Putting Bureaucracy First


WhiteIndian's picture

Capitalists are as bureaucratic and regulatory as the Left. I call it the Mises-Marx axis of evil. The false dichotomy between socialism and capitalism is revealed in a single question:

Officer, am I free to gambol* about plain and forest?

Marx: Nyet!
Mises: Nyet!

Both are aggressive supporters of agricultural city-Statism (civilization.) Both require enforcing big-government regulation on the land that creates artificial "property" borders to restrict the free movement of free people to live a Non-State society lifeway.

* The concept of a Non-State society's foraging in the word "gambol" above is further explained in the following passage [my caps]:

Why agriculture? In retrospect, it seems odd that it has taken archaeologists and paleontologists so long to begin answering this essential question of human history. What we are today—civilized, city-bound, overpopulated, literate, organized, wealthy, poor, diseased, conquered, and conquerors—is all rooted in the domestication of plants and animals. The advent of farming re-formed humanity. In fact, the question "Why agriculture?" is so vital, lies so close to the core of our being that it probably cannot be asked or answered with complete honesty. Better to settle for calming explanations of the sort Stephen Jay Gould calls "just-so stories."

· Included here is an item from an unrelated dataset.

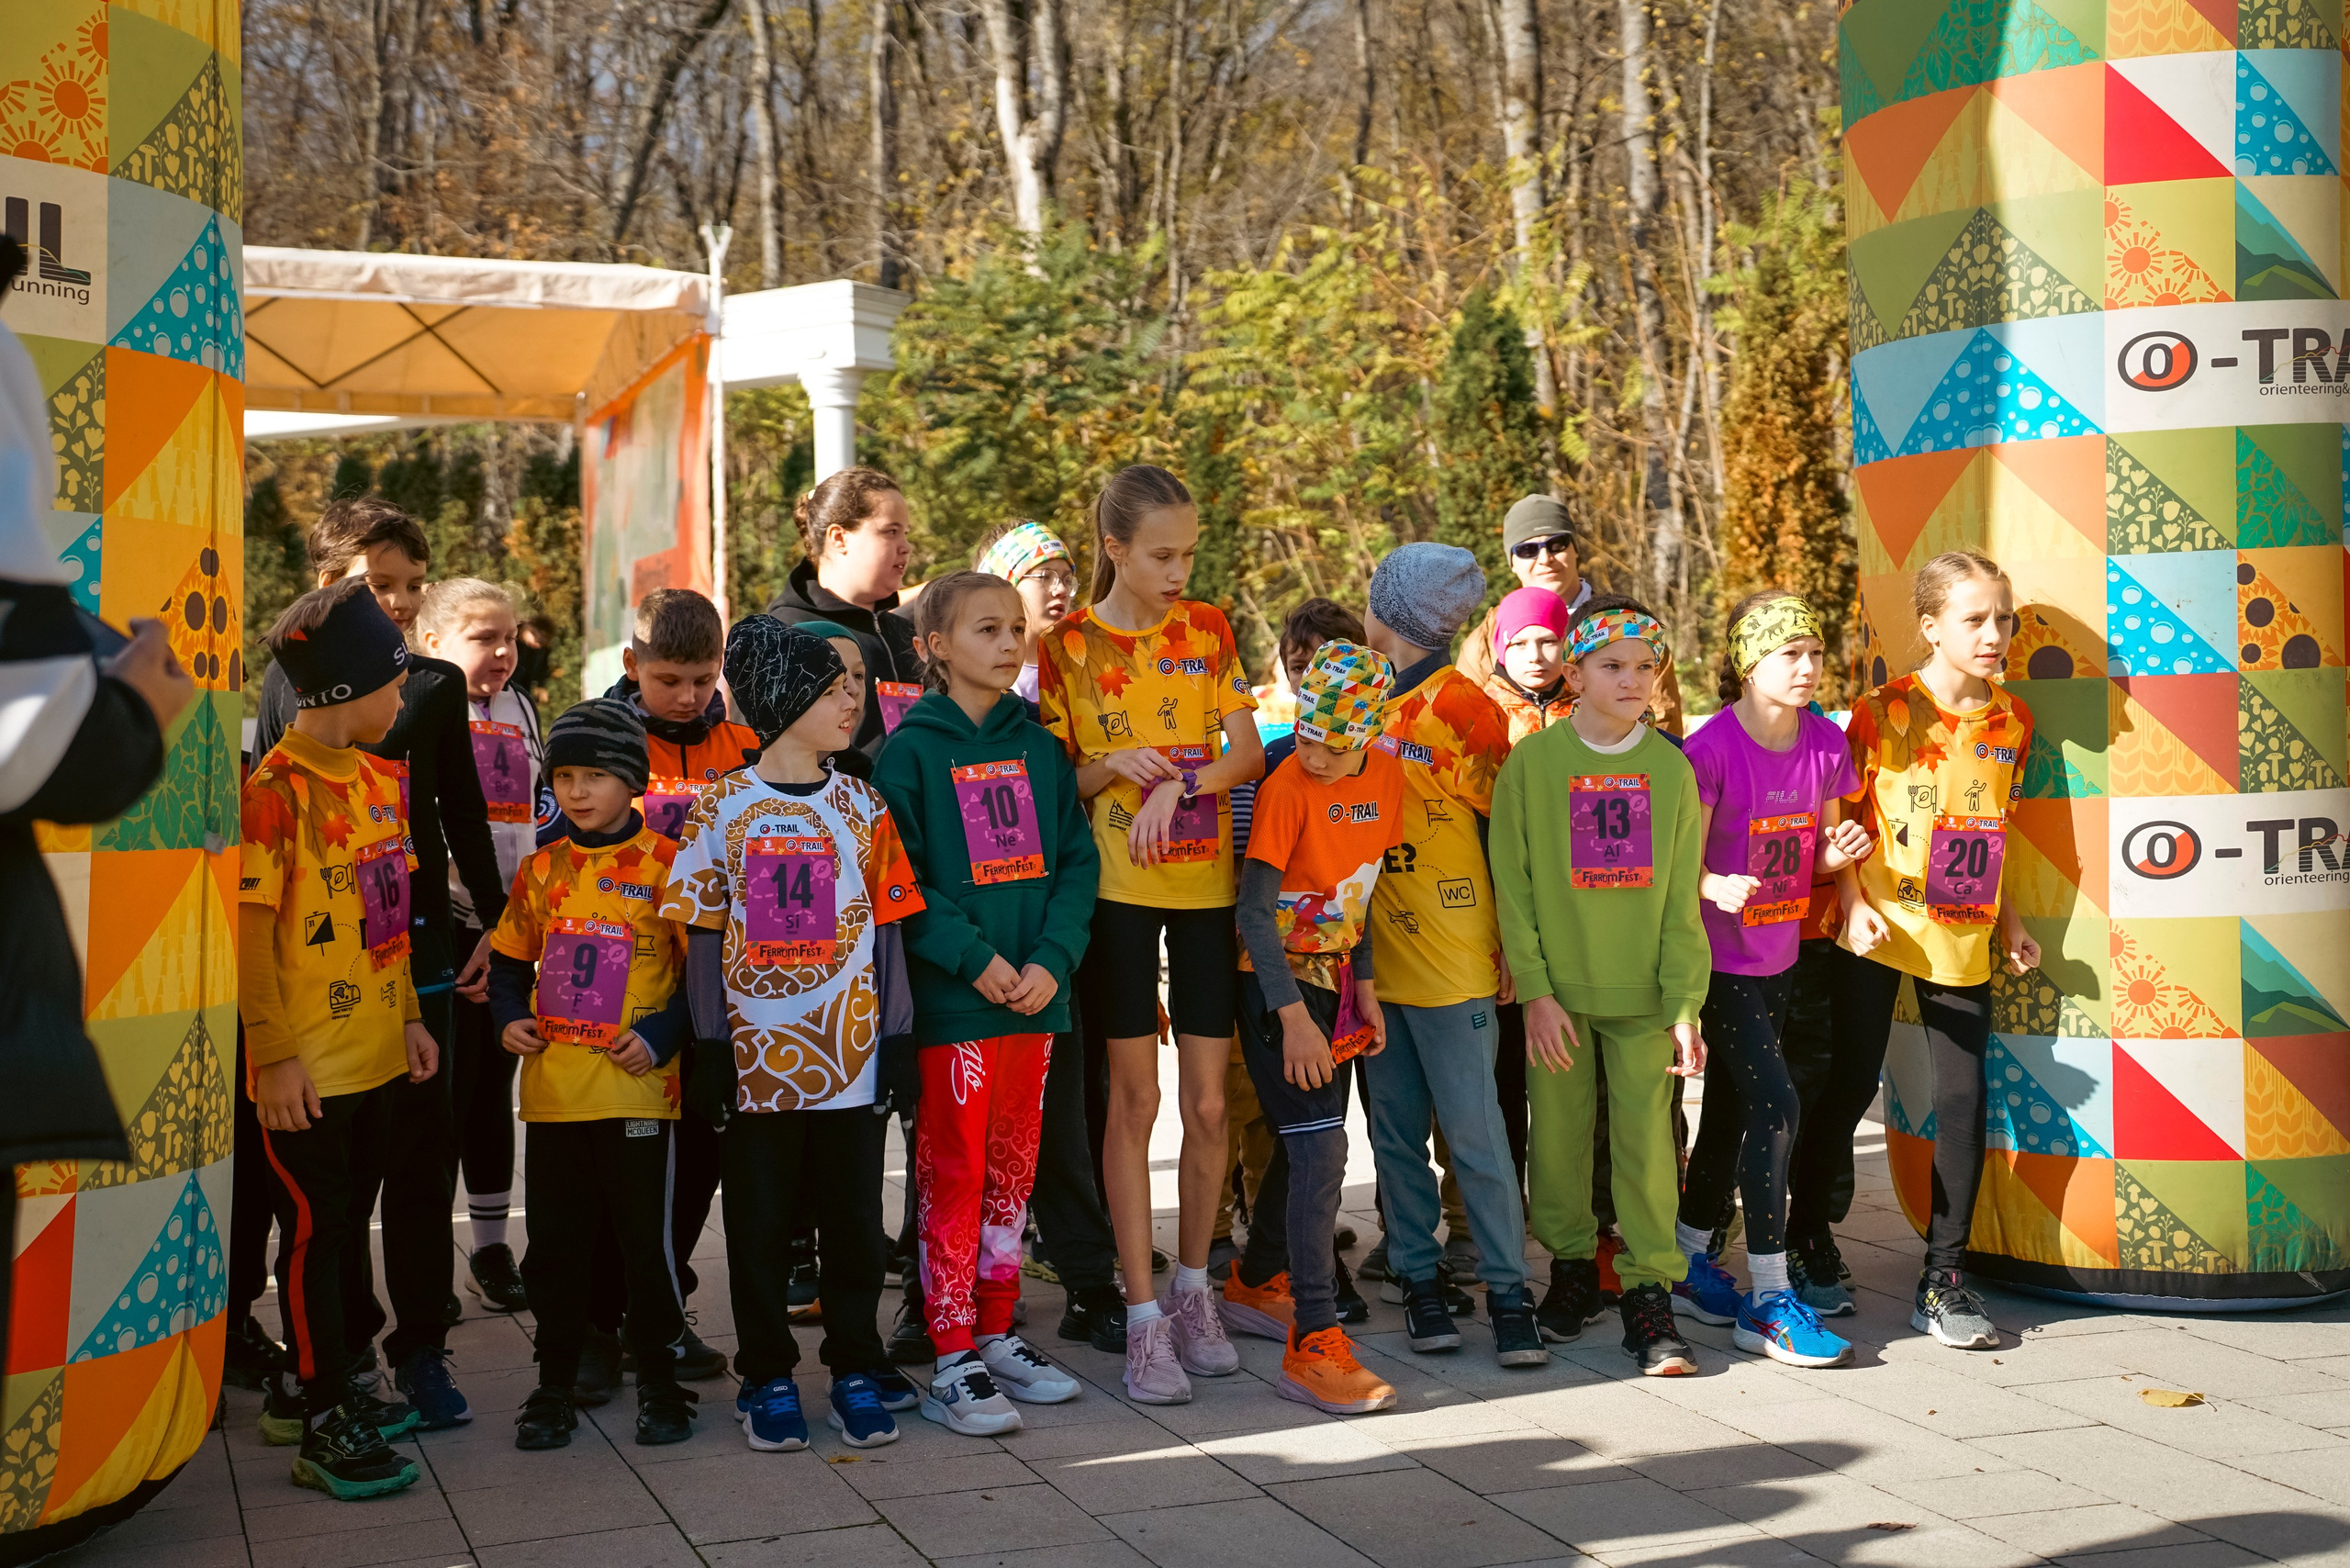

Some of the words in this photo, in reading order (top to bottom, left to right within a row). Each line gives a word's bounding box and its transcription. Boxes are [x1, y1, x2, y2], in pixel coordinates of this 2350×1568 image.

In this case, the core of such stories is the assumption that agriculture was better for us. Its surplus of food allowed the leisure and specialization that made civilization. Its bounty settled, refined, and educated us, freed us from the nasty, mean, brutish, and short existence that was the state of nature, freed us from hunting and gathering. Yet when we think about agriculture, and some people have thought intently about it, the pat story glosses over a fundamental point. This just-so story had to have sprung from the imagination of someone who never hoed a row of corn or rose with the sun for a lifetime of milking cows. GAMBOLING ABOUT PLAIN AND FOREST, hunting and living off the land is fun. Farming is not. That's all one needs to know to begin a rethinking of the issue. The fundamental question was properly phrased by Colin Tudge of the London School of Economics: “The real problem, then, is not to explain why some people were slow to adopt agriculture but why anybody took it up at all.”